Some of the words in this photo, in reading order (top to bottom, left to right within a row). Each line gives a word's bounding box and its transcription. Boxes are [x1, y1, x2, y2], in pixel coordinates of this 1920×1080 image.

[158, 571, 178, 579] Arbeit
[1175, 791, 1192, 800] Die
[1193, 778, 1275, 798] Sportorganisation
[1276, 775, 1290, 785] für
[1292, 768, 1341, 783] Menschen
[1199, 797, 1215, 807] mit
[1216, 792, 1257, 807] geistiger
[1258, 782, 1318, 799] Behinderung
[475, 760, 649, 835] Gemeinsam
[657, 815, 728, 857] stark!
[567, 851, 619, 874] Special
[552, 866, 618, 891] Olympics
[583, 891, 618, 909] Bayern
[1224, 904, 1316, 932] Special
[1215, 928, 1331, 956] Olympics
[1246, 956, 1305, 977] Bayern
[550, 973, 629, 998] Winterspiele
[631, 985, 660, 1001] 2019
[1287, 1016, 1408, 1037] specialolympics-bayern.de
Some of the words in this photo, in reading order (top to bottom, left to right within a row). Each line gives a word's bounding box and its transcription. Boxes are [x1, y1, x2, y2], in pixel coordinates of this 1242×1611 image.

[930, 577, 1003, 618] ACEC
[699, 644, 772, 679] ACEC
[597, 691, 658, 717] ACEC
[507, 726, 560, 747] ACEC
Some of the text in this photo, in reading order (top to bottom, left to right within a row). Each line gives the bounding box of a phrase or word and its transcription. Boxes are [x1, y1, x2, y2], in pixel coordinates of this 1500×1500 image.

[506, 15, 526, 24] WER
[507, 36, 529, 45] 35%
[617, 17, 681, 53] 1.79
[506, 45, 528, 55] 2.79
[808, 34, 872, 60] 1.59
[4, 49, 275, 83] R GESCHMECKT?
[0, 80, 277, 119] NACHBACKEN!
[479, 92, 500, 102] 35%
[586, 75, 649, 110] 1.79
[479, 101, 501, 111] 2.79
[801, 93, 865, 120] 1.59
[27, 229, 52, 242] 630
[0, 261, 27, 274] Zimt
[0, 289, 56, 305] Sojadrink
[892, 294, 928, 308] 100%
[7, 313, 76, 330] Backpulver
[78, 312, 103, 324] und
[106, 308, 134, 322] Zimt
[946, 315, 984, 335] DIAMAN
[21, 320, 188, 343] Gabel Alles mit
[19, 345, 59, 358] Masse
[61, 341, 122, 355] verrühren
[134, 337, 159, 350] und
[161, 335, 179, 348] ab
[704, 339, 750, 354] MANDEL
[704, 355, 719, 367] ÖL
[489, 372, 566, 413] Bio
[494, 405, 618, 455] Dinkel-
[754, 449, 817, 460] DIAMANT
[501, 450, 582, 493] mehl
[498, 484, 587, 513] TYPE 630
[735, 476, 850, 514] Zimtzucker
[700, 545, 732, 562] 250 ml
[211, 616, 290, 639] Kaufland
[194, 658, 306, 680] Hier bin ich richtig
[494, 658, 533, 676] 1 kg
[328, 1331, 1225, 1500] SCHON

Task details => All lines in the listing above should be written out again exactly.

Answer to this problem =>
Some of the words in this photo, in reading order (top to bottom, left to right within a row). Each line gives a word's bounding box and its transcription. Boxes are [x1, y1, x2, y2], in pixel coordinates of this 1920×1080 image.

[158, 571, 178, 579] Arbeit
[1175, 791, 1192, 800] Die
[1193, 778, 1275, 798] Sportorganisation
[1276, 775, 1290, 785] für
[1292, 768, 1341, 783] Menschen
[1199, 797, 1215, 807] mit
[1216, 792, 1257, 807] geistiger
[1258, 782, 1318, 799] Behinderung
[475, 760, 649, 835] Gemeinsam
[657, 815, 728, 857] stark!
[567, 851, 619, 874] Special
[552, 866, 618, 891] Olympics
[583, 891, 618, 909] Bayern
[1224, 904, 1316, 932] Special
[1215, 928, 1331, 956] Olympics
[1246, 956, 1305, 977] Bayern
[550, 973, 629, 998] Winterspiele
[631, 985, 660, 1001] 2019
[1287, 1016, 1408, 1037] specialolympics-bayern.de
Some of the words in this photo, in reading order (top to bottom, left to right within a row). Each line gives a word's bounding box and its transcription. Boxes are [x1, y1, x2, y2], in pixel coordinates of this 1242×1611 image.

[930, 577, 1003, 618] ACEC
[699, 644, 772, 679] ACEC
[597, 691, 658, 717] ACEC
[507, 726, 560, 747] ACEC
Some of the text in this photo, in reading order (top to bottom, left to right within a row). Each line gives the bounding box of a phrase or word and its transcription. Boxes are [x1, y1, x2, y2], in pixel coordinates of this 1500×1500 image.

[506, 15, 526, 24] WER
[507, 36, 529, 45] 35%
[617, 17, 681, 53] 1.79
[506, 45, 528, 55] 2.79
[808, 34, 872, 60] 1.59
[4, 49, 275, 83] R GESCHMECKT?
[0, 80, 277, 119] NACHBACKEN!
[479, 92, 500, 102] 35%
[586, 75, 649, 110] 1.79
[479, 101, 501, 111] 2.79
[801, 93, 865, 120] 1.59
[27, 229, 52, 242] 630
[0, 261, 27, 274] Zimt
[0, 289, 56, 305] Sojadrink
[892, 294, 928, 308] 100%
[7, 313, 76, 330] Backpulver
[78, 312, 103, 324] und
[106, 308, 134, 322] Zimt
[946, 315, 984, 335] DIAMAN
[21, 320, 188, 343] Gabel Alles mit
[19, 345, 59, 358] Masse
[61, 341, 122, 355] verrühren
[134, 337, 159, 350] und
[161, 335, 179, 348] ab
[704, 339, 750, 354] MANDEL
[704, 355, 719, 367] ÖL
[489, 372, 566, 413] Bio
[494, 405, 618, 455] Dinkel-
[754, 449, 817, 460] DIAMANT
[501, 450, 582, 493] mehl
[498, 484, 587, 513] TYPE 630
[735, 476, 850, 514] Zimtzucker
[700, 545, 732, 562] 250 ml
[211, 616, 290, 639] Kaufland
[194, 658, 306, 680] Hier bin ich richtig
[494, 658, 533, 676] 1 kg
[328, 1331, 1225, 1500] SCHON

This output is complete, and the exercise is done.